Explanation: Explanation: **Von Ebner’s glands** are minor serous salivary glands located in the tongue [1]. They are specifically associated with the **circumvallate (vallate) papillae**, which are large, circular structures arranged in a V-shape just anterior to the sulcus terminalis [1]. 1. **Why Circumvallate is correct:** The ducts of Von Ebner’s glands open into the deep **circular trenches (moats)** surrounding the circumvallate papillae [1]. Their primary function is to secrete a watery (serous) fluid that flushes out food particles and dissolved substances from the trenches. This "cleansing" action allows the taste buds located on the sides of the papillae to respond rapidly to new gustatory stimuli [1]. They also secrete lingual lipase, initiating lipid hydrolysis. 2. **Why other options are incorrect:** * **Filiform:** These are the most numerous papillae but are purely mechanical and **lack taste buds**. They do not have associated salivary glands. * **Fungiform:** These mushroom-shaped papillae are scattered on the dorsal surface (mainly the tip and sides) and contain taste buds, but they are not associated with Von Ebner’s glands [1]. * **Foliate:** These are leaf-like folds on the lateral margins of the tongue.
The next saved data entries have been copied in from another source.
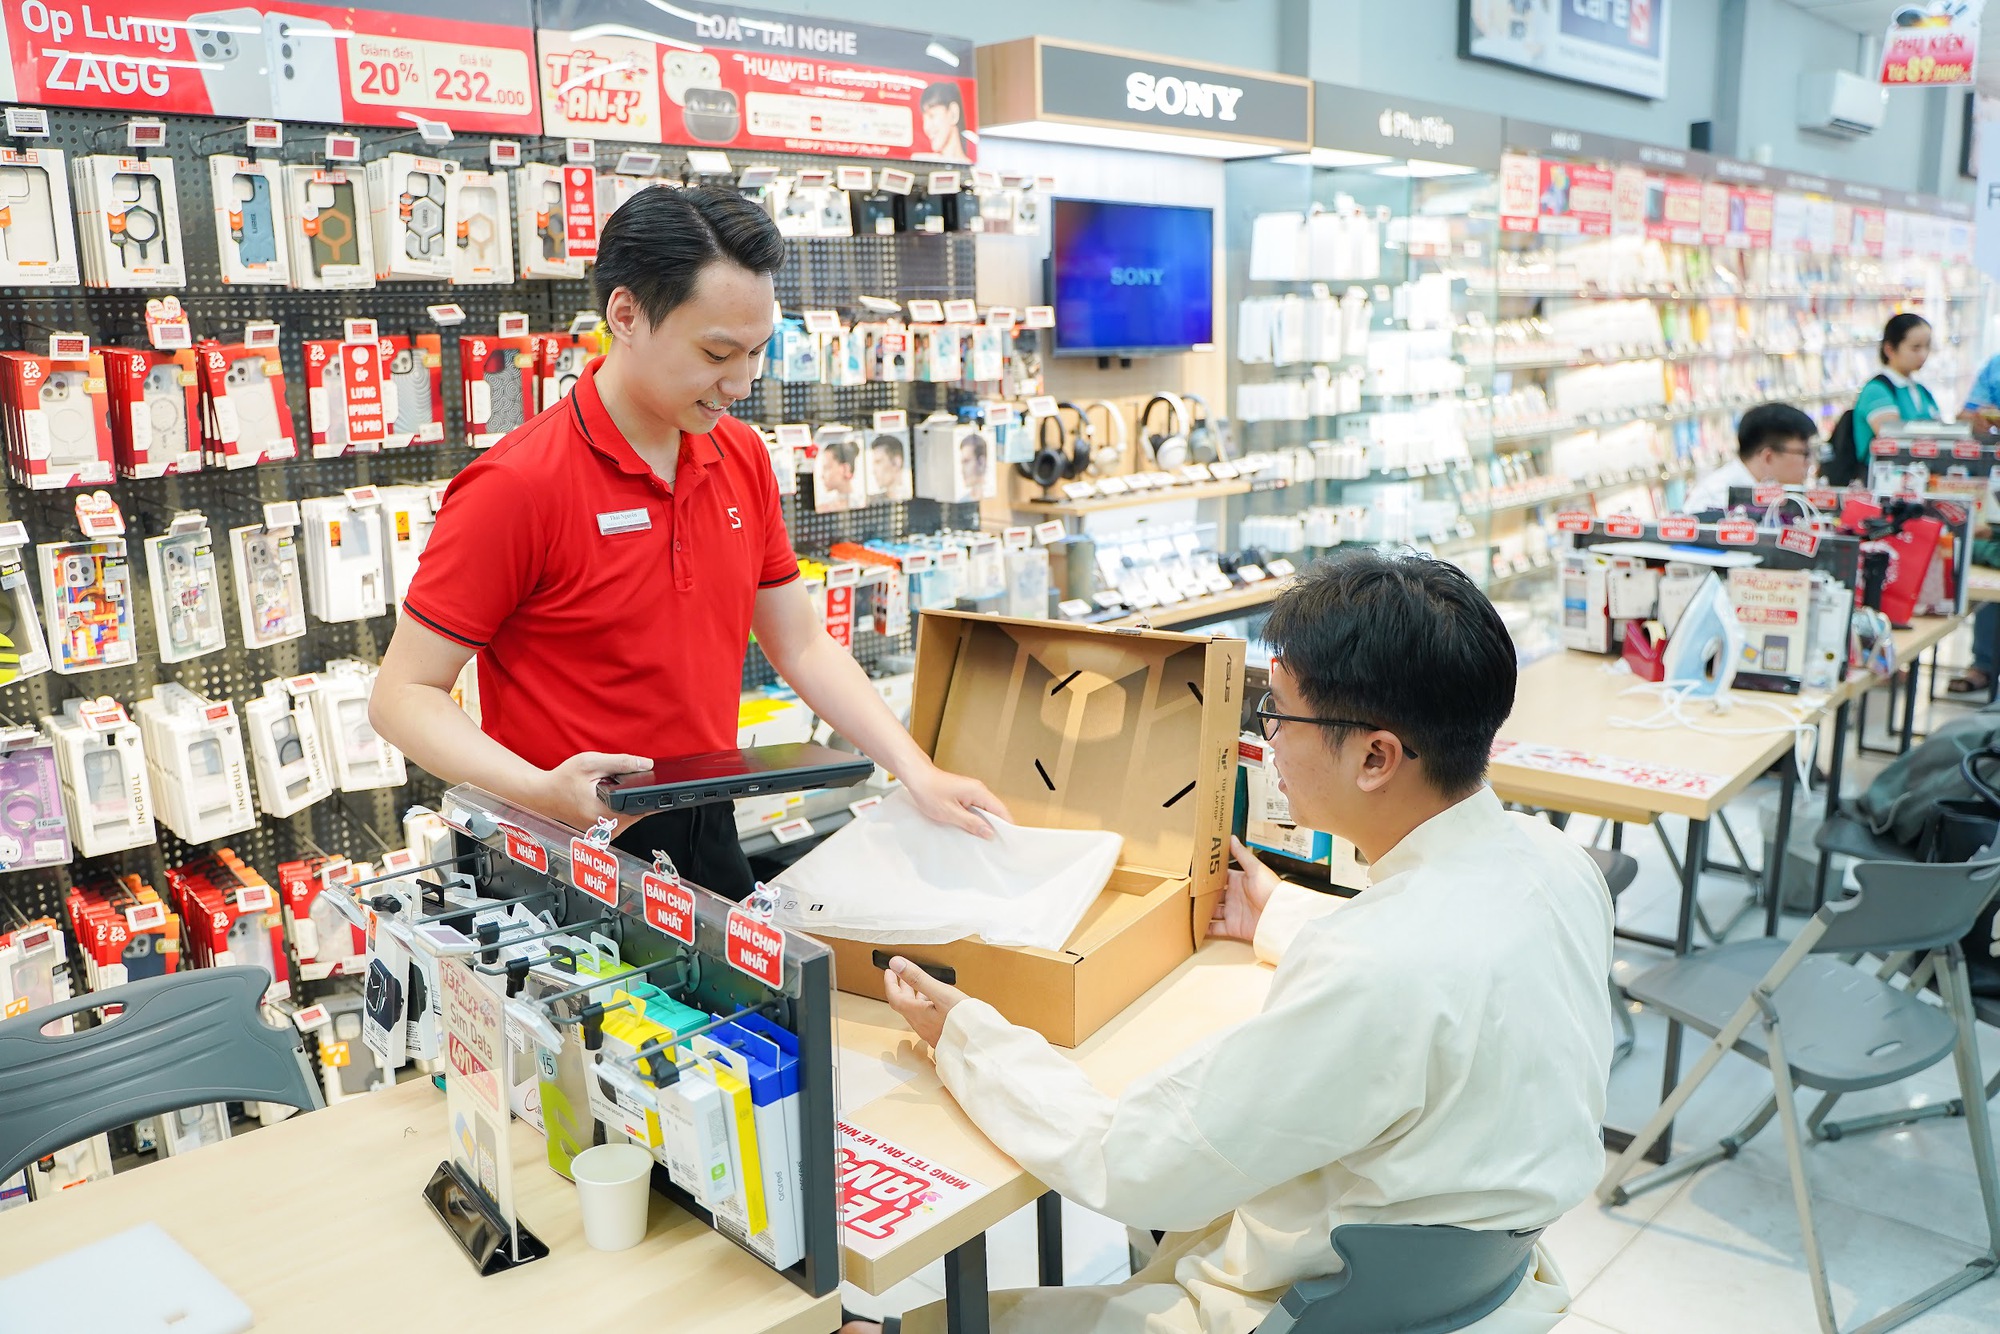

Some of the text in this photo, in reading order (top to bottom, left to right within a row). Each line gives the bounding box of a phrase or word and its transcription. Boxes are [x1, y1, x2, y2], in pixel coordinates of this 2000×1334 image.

[695, 14, 742, 42] LOA
[761, 20, 794, 48] TAI
[799, 26, 858, 55] NGHE
[42, 48, 170, 97] ZAGG
[359, 61, 419, 96] 20%
[743, 57, 815, 82] HUAWEI
[433, 68, 525, 106] 232.000
[1126, 71, 1243, 122] SONY
[1110, 267, 1165, 287] SONY
[349, 403, 382, 417] IPHONE
[352, 420, 382, 433] 16 PRO
[516, 842, 538, 863] NHẤT
[574, 847, 616, 879] BÁN CHẠY
[1209, 836, 1222, 875] A15
[584, 873, 607, 894] NHẤT
[646, 883, 693, 917] BÁN CHẠY
[657, 908, 683, 932] NHẤT
[730, 920, 781, 958] BÁN CHẠY
[741, 948, 769, 974] NHẤT
[450, 1003, 493, 1061] Sim Data
[902, 1156, 930, 1172] TẾT
[929, 1169, 971, 1190] MANG
While they contain taste buds and are associated with some serous glands in other mammals, in humans, Von Ebner’s glands are classically defined by their relationship with the circumvallate papillae [1]. **High-Yield NEET-PG Pearls:** * **Secretion Type:** Von Ebner’s glands are **purely serous**, unlike most other minor salivary glands which are mucous or mixed [1]. * **Enzyme:** They are the source of **lingual lipase**, which is active at an acidic pH and important for neonatal fat digestion. * **Nerve Supply:** The circumvallate papillae (and their taste buds) are supplied by the **Glossopharyngeal nerve (CN IX)**, despite being located on the "anatomical" anterior 2/3rd of the tongue.